Tiger tooth aloes have a rich, refreshing fragrance and have long been an ingredient in traditional Chinese medicine.
Now, the herbal ingredient is making its way to the United States, and it could have a major impact on a lucrative, yet misunderstood, Chinese medicine business.
Aloe, an alkaloid native to India and Madagascar, is rich in vitamin C, vitamin E and potassium.
It’s also used in tea, cosmetics, body wash, hair care, antiseptic, antifungal, disinfectants and in cough syrups.
In a study published online this month in the journal Medicinal Chemistry, researchers from the University of Southern California in Los Angeles, the University at Buffalo in New York and the University College London in London analyzed tiger tooth extracts from about 100 tiger tooth samples collected from China, Thailand, Vietnam and Indonesia.
They found that tiger tooth extract is richly concentrated in the vitamin C compound, and that this concentration can be detected in tooth enamel and is present in higher concentrations in the teeth of Asian tigers than in the American tigers.
The researchers noted that tiger teeth can also contain vitamin E, a vitamin that can be a powerful anti-cancer agent.
The tooth enamels of the American and Vietnamese tigers were significantly more alkaline than the American tooth enams of the Asian tigers, the researchers found.
Tiger tooth extract, they say, could potentially have beneficial effects on the development of cancer in Asian tigers and may have a role in the disease of Asian tiger populations.
The U.S. Fish and Wildlife Service is investigating the possibility that tiger extract may be responsible for the rising incidence of tumors in the tiger population in Asia.
“The findings support the hypothesis that tiger extracts may be a promising new source of cancer-fighting anthocyanins and cancer-resistance materials in the wild,” said Dr. James B. Johnson, the study’s lead author and an assistant professor of veterinary chemistry at the University’s Center for Animal Science.
But tiger tooth enemas are also used for treating the digestive tract and skin.
“If tiger tooth is a good candidate, I don’t think it will be very long before people are using it for oral care,” said Jai, who said that in addition to being a natural alternative to tooth enema, tiger tooth may be particularly useful in treating tuberculosis.

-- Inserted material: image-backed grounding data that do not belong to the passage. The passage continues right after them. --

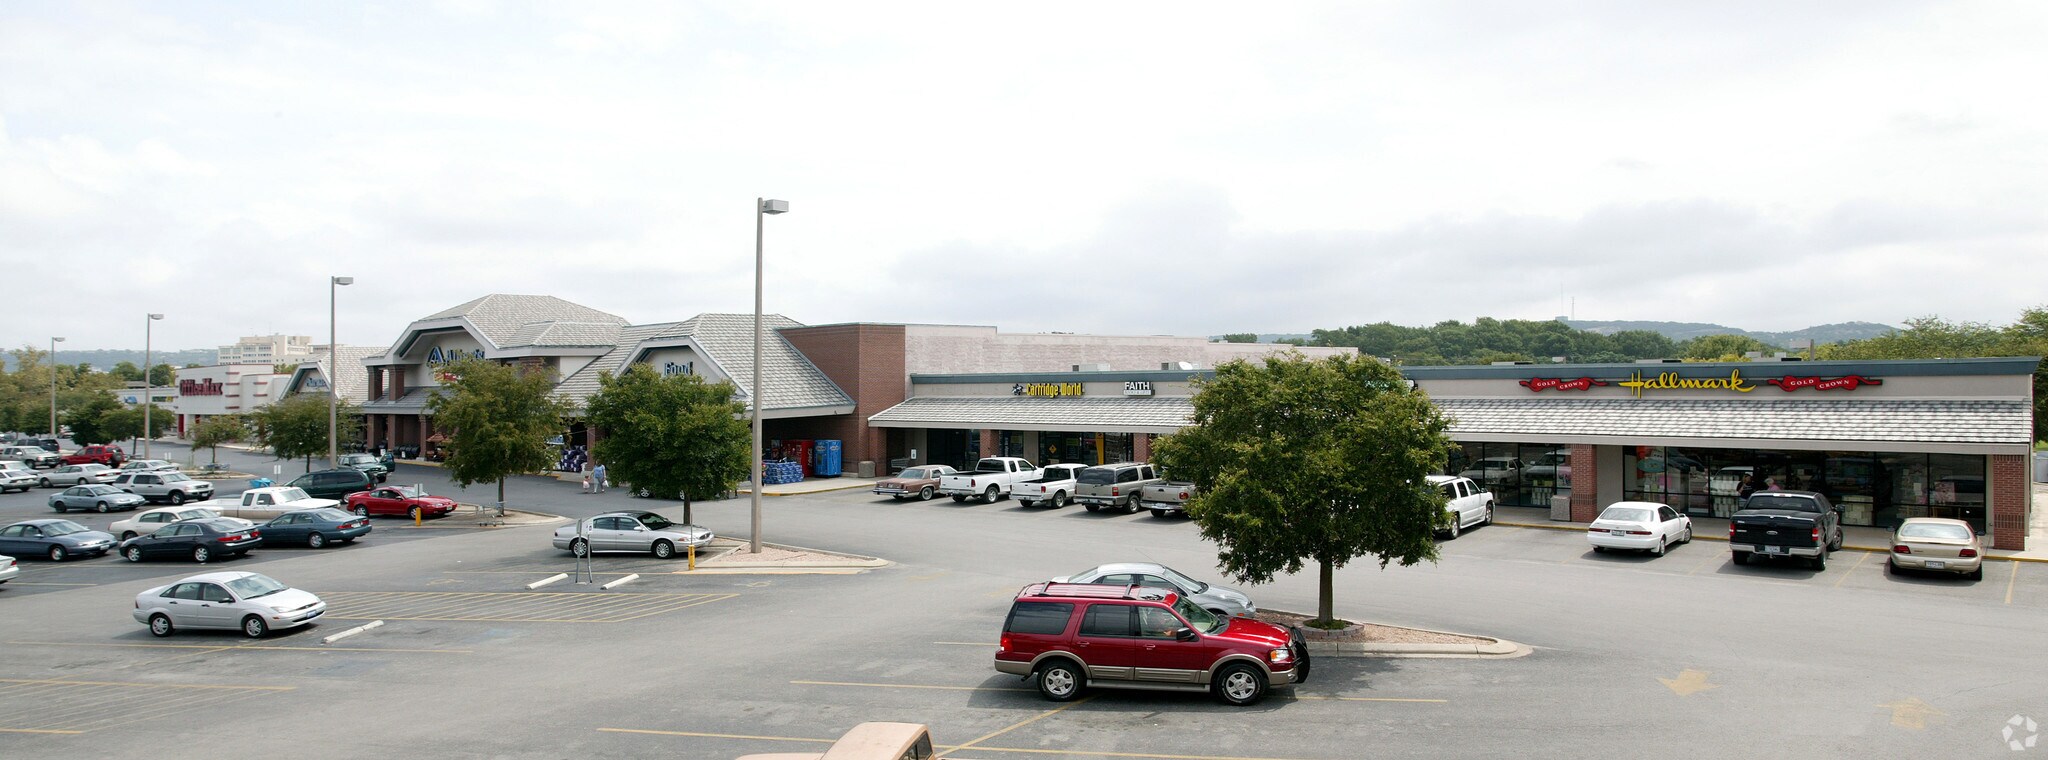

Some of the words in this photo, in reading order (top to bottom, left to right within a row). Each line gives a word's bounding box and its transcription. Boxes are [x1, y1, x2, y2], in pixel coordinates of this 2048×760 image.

[1124, 381, 1150, 390] FAITH
[1559, 381, 1584, 390] CROWN
[1618, 369, 1756, 399] Hallmark
[1819, 379, 1849, 389] CROWN
[1026, 382, 1059, 398] Cartridge
[1060, 382, 1082, 396] World
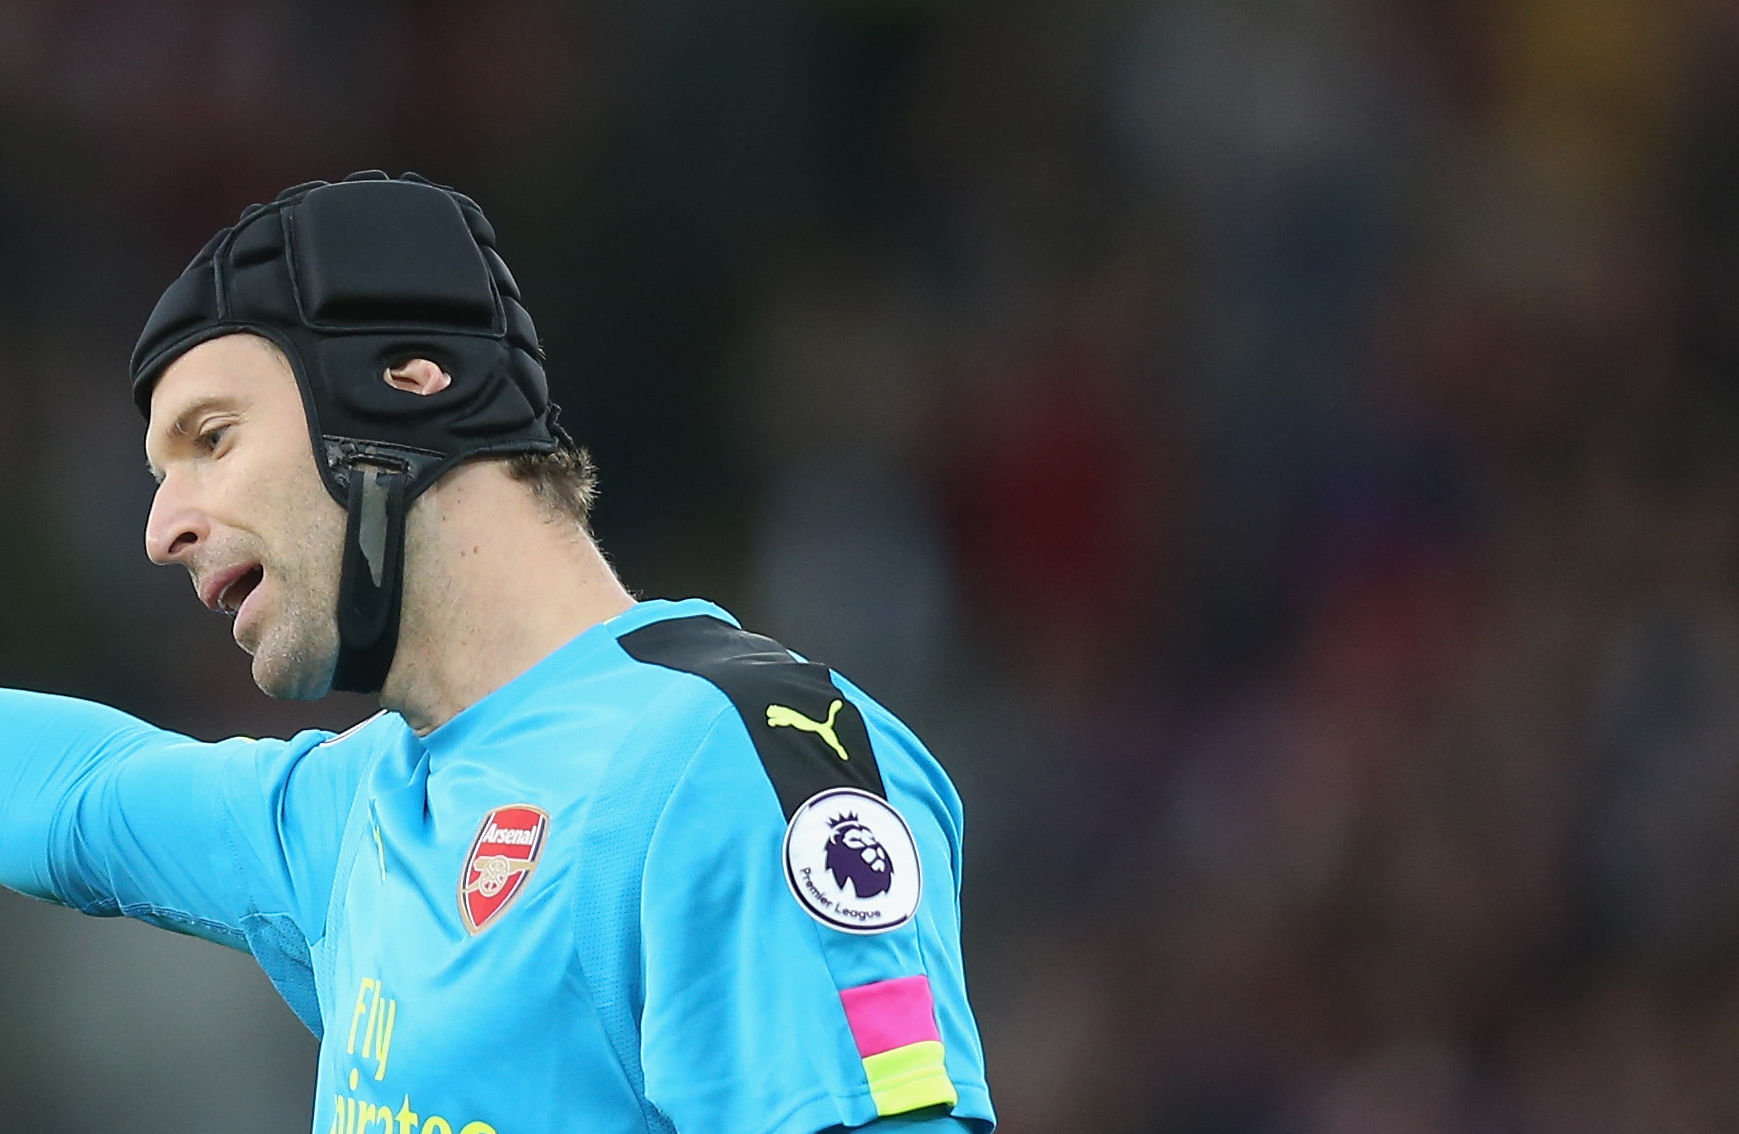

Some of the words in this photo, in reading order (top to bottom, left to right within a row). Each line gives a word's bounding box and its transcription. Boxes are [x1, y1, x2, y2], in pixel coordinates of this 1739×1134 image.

[482, 822, 537, 845] Arsenal
[800, 866, 833, 908] Premier
[834, 903, 882, 921] League
[347, 976, 397, 1081] Fly

Tumors and tuberculosis are common in tiger populations, according to the World Health Organization.
“It’s important to get this research out there so that people can actually use it and use it as they see fit,” he said.
“Tiger tooth enems, tiger teeth are good to chew, but they also can be used to treat a lot of other diseases.”
Aloe Vera is an alkaline, water-soluble herb that can contain high levels of vitamin C. It can be extracted from plants or harvested from wild animals.
Aloes are used as skin, hair and facial treatments and as an ingredient for tooth enames.
But the American tiger is the only one of its kind.
It has long been used as an aphrodisiac in China.
“I think the American lion has more than anything else that we’re really concerned about the tiger and how it’s been misused in medicine and misused as a scapegoat,” said Johnson.
“We’re just hoping that tiger enemes and tiger tooth can really be used as a good alternative to traditional Chinese medicines and that people don’t take them too seriously.”
The researchers say that the Asian tiger population could grow to between 300,000 and 1.2 million in the next 30 years.
But they also noted that the U.N. Food and Agriculture Organization estimates that tiger populations in Southeast Asia are in decline by about 70 percent.
So there is a risk that the American population could also be growing.
“To have tigers that are so dominant in the Asian wild, there’s a real possibility that that population could go through a very severe decline in that region,” said Aloe researcher Dr. Michael C. Guggenheim.
“There’s a risk of that tiger population going to extinction in the foreseeable future.”
Tumor experts have long criticized the use of tiger tooth as a medicine, arguing that its use in traditional medicine was often misguided and led to the creation of toxic compounds that were ineffective in treating cancer.
They also warn that there’s no scientific evidence that tiger-derived anthocanins are useful for cancer treatment.
“People are always looking for a way to say ‘Hey, tiger is cancer-resistant and it’s great for you,’ and they’re looking for something that is not true,” said Guggerheim.
T.S., a tiger-toxin-free supplement is currently in the market, but its ingredients aren’t currently in clinical trials.
“This is a very dangerous business,” said Robert M. Zemel, a toxicologist and professor of toxicology at the UCL Institute of Veterinary Medicine.